6 Lee Gamble: »Mnestic Pressure« (Hyperdub)
UK-Clubkultur und Konzept, kein Widerspruch auf Lee Gamblers erstem Album für Hyperdub. Broken Beats, Haken schlagende Basslines, abgefeimte Synthspielereien, Post-Jungle-Hektisches mit Synthmelodien. Auch IDM, Rave, Acid House oder 2-Step liefern fragmentarisch Vorlagen für diese schillernden Soundskulpturen.

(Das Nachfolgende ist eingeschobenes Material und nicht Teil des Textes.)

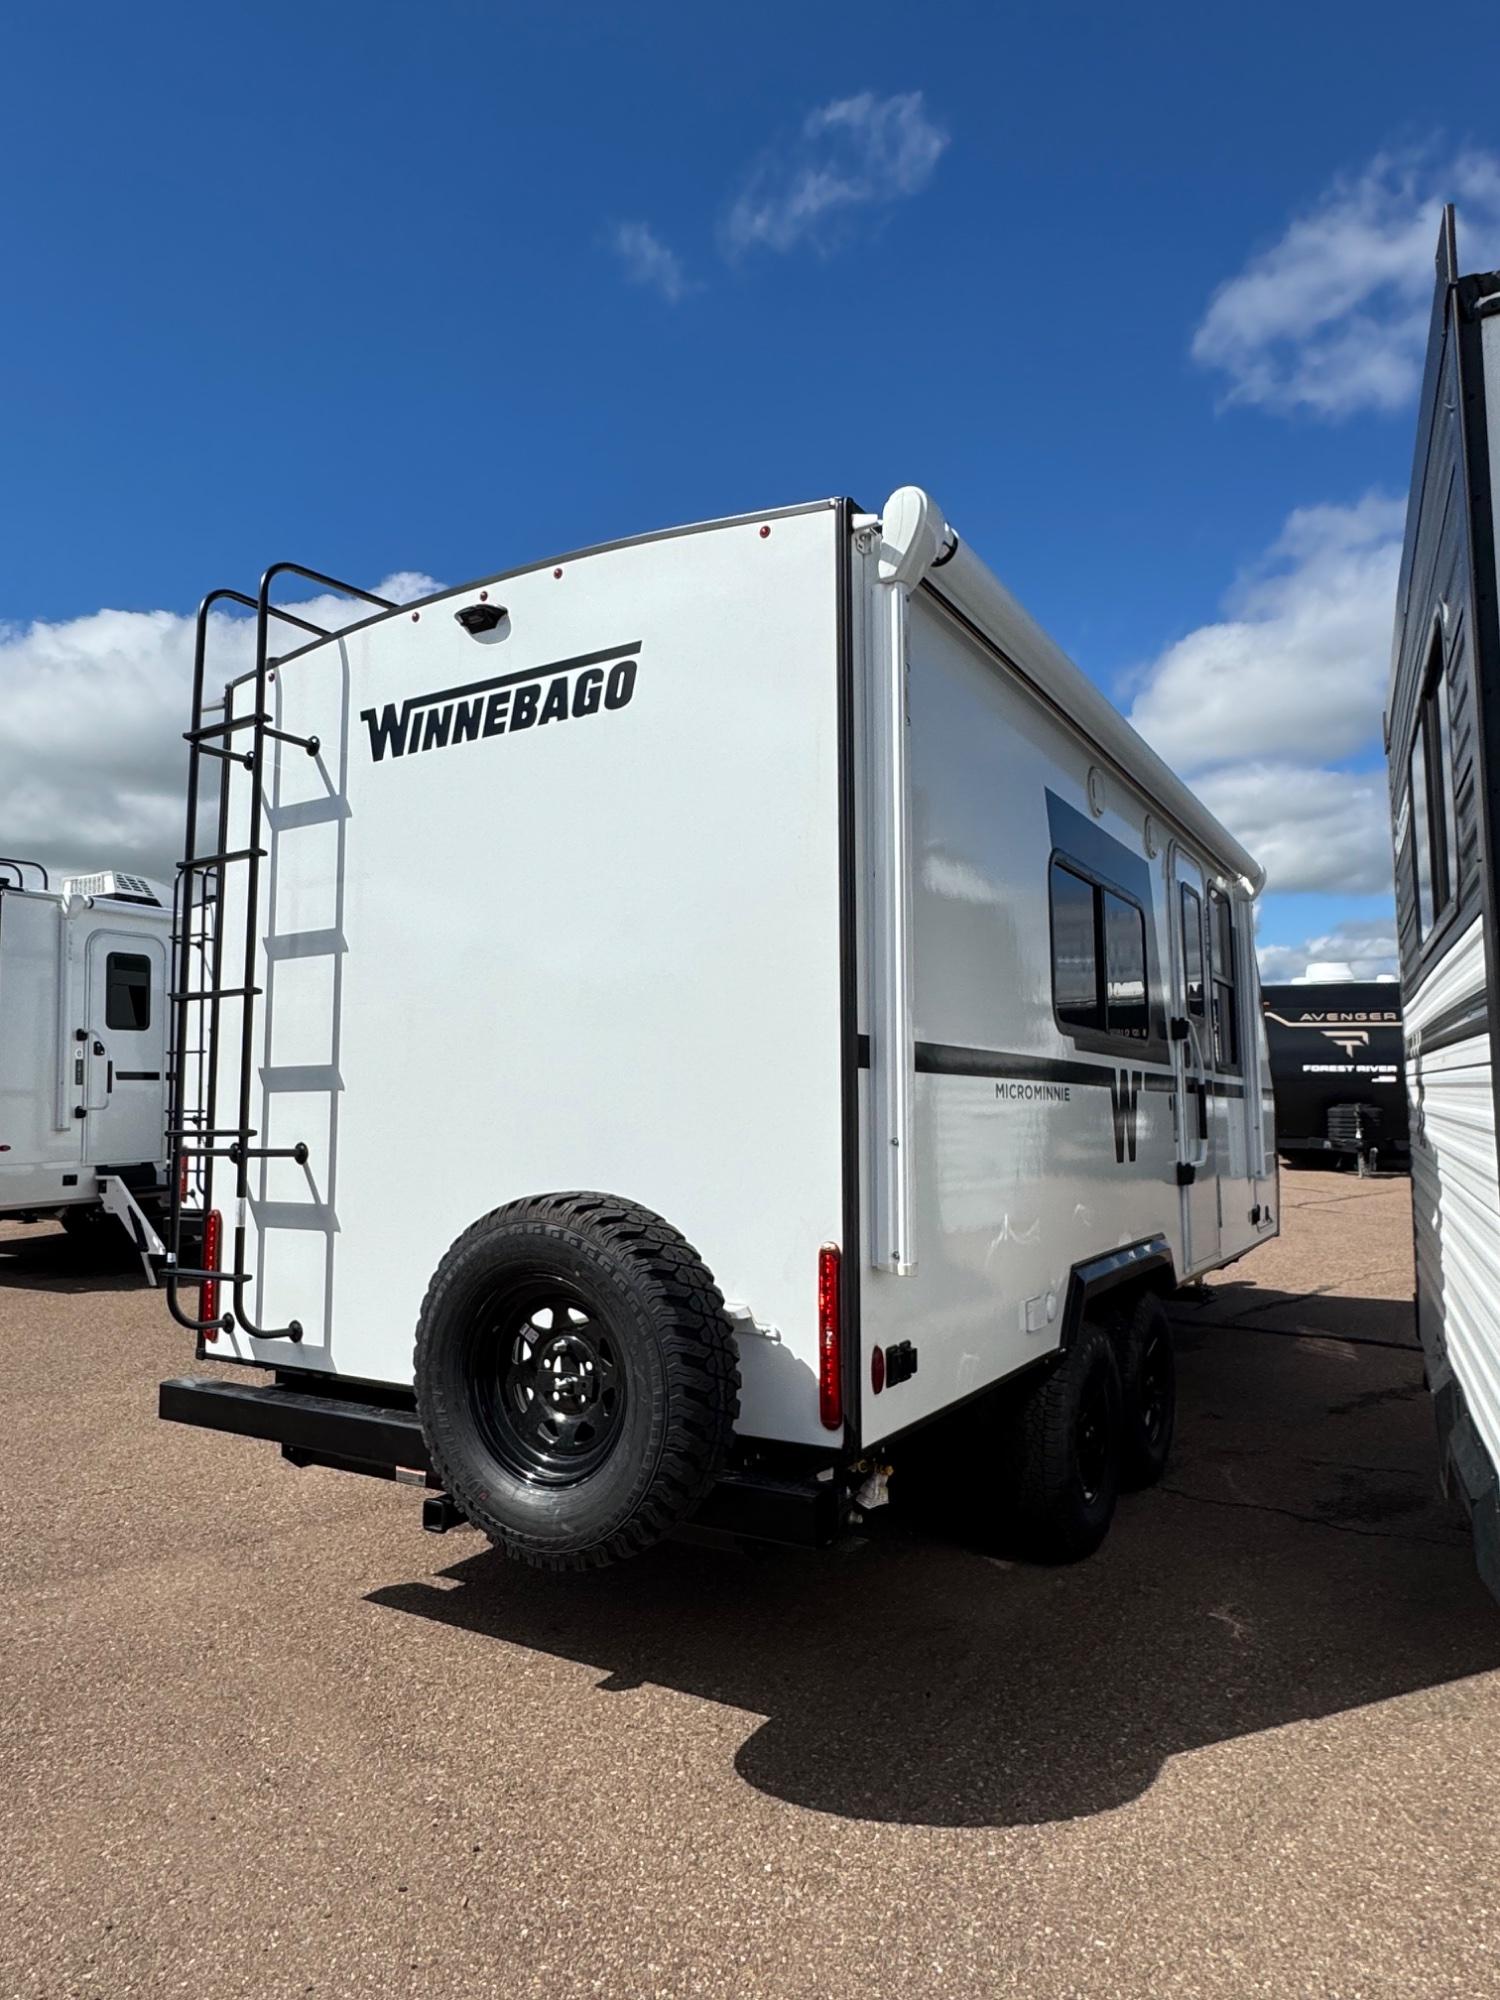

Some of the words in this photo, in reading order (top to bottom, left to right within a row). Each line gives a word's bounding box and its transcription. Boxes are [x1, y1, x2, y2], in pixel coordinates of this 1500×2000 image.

7 Hype Williams: »Rainbow Edition« (Big Dada/Ninja Tune)
Irgendwie scheint der Sound an Dean Blunts Babyfather-Tracks angelehnt. Mit 808-Basslines und verzerrten Billig-Keyboard-Sounds. Also geht auf dieser Duo-Inkarnation eine Magie davon aus, denn es schälen sich trotz Lo-Fi-Appeal immer wieder schöne Melodien heraus. Obskure Vokalschnipsel, die das Rassenthema beschwören, sind obligatorisch: »They wouldn’t really like this / The interracial thing/All I’ve got to say is Black Cards Matter«. Fragile Schräglage galore.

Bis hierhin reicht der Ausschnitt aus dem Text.